Rewind the bit-stream to the beginning (ready for read) without erasing the content

  1. speex_bits_set_bit_buffer

void speex_bits_set_bit_buffer    (    SpeexBits *     bits,

void *     buff,

int     buf_size    

)            

Sets the bits in a SpeexBits struct to use data from an existing buffer (for decoding without copying data)

  1. speex_bits_unpack_signed

int speex_bits_unpack_signed    (    SpeexBits *     bits,

int     nbBits    

)            

Interpret the next bits in the bit-stream as a signed integer

 

Parameters:

bits     Bit-stream to operate on

nbBits     Number of bits to interpret

Returns:

A signed integer represented by the bits read

  1. speex_bits_unpack_unsigned

unsigned int speex_bits_unpack_unsigned    (    SpeexBits *     bits,

int     nbBits    

)            

Interpret the next bits in the bit-stream as an unsigned integer

 

Parameters:

bits     Bit-stream to operate on

nbBits     Number of bits to interpret

Returns:

An unsigned integer represented by the bits read

  1. speex_bits_write

int speex_bits_write    (    SpeexBits *     bits,

char *     bytes,

int     max_len    

)            

Write the content of a bit-stream to an area of memory

 

Parameters:

bits     Bit-stream to operate on

bytes     Memory location where to write the bits

max_len     Maximum number of bytes to write (i.e. size of the "bytes" buffer)

Returns:

Number of bytes written to the "bytes" buffer

  1. speex_bits_write_whole_bytes

int speex_bits_write_whole_bytes    (    SpeexBits *     bits,

char *     bytes,

int     max_len    

)            

Like speex_bits_write, but writes only the complete bytes in the stream.
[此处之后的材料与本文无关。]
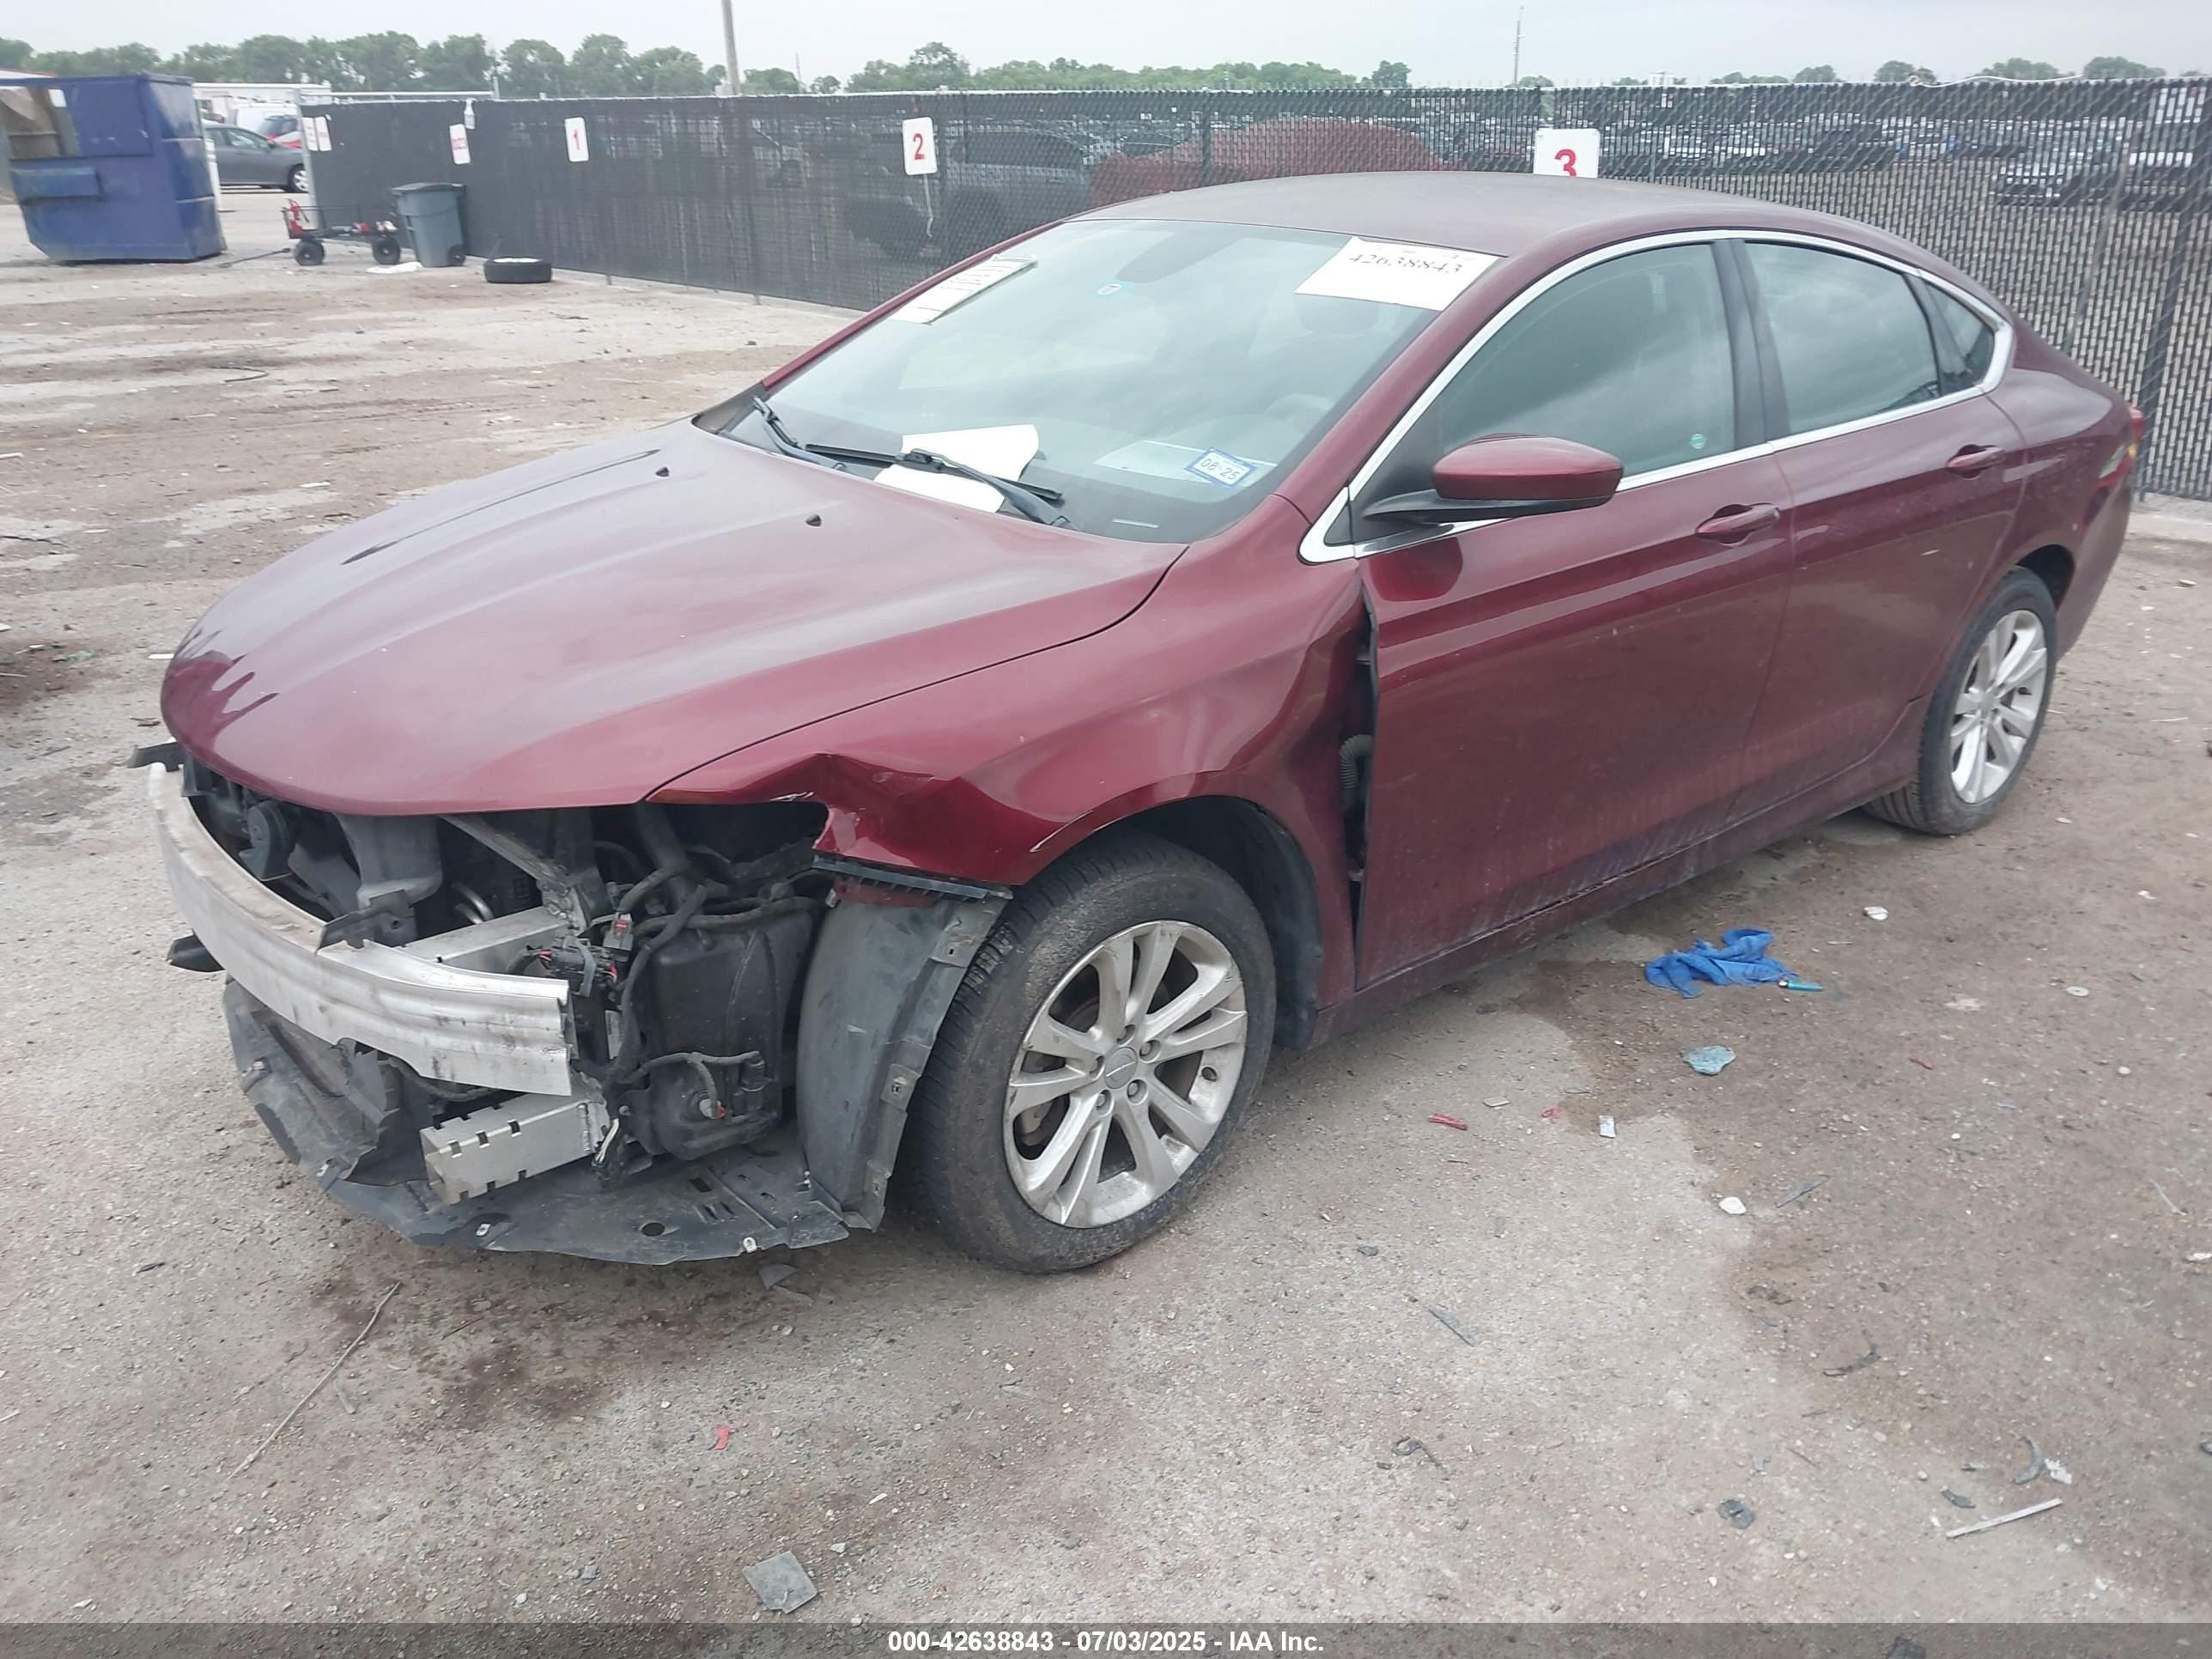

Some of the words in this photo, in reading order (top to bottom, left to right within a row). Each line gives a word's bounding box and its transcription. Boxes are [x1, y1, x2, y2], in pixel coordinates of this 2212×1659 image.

[913, 132, 926, 161] 2
[1554, 149, 1577, 177] 3
[1347, 253, 1463, 274] 42638843
Also removes the written bytes from the stream

  1. Speex echo Speex聲學回音消除器

    1. speex_echo_state_init(未完成)

函數名稱

speex_echo_state_init

頭文件

#include "speex/speex_echo.h"

庫文件

#pragma comment( lib, "libspeex.lib" )

函數功能

建立並初始化一個Speex聲學回音消除器。

Speex聲學回音消除器用於對16位有符號整型單聲道PCM格式音頻數據進行迴音消除。

函數聲明

SpeexEchoState * speex_echo_state_init(

int frame_size,

int filter_length

);

函數參數

frame_size,[輸入]:

存放一個16位有符號整型單聲道PCM格式音頻數據幀的數據長度,單位個採樣數據,通常爲10毫秒到20毫秒。

例如:8000Hz採樣頻率20毫秒本參數就是160。

filter_length,[輸入]:

存放聲學回音消除器的過濾器長度,單位個採樣數據,通常爲100毫秒到500毫秒,推薦爲500毫秒。

若是採樣頻率是8000Hz,選擇300毫秒,本參數就是8000÷1000×300。

本參數具體大小要慢慢調,調的好很差直接影響聲學回音消除的效果。

返回值

Speex聲學回音消除器句柄。

錯誤碼

線程安全

原子操做

執行速度

每毫秒能執行多少次。

其餘說明

對一條音頻流進行聲學回音消除時,從開始到結束都應該用同一個Speex聲學回音消除器,中途不要更換,也不要用一個Speex聲學回音消除器給多條音頻流進行聲學回音消除,不然會致使處理後的音頻數據不正確。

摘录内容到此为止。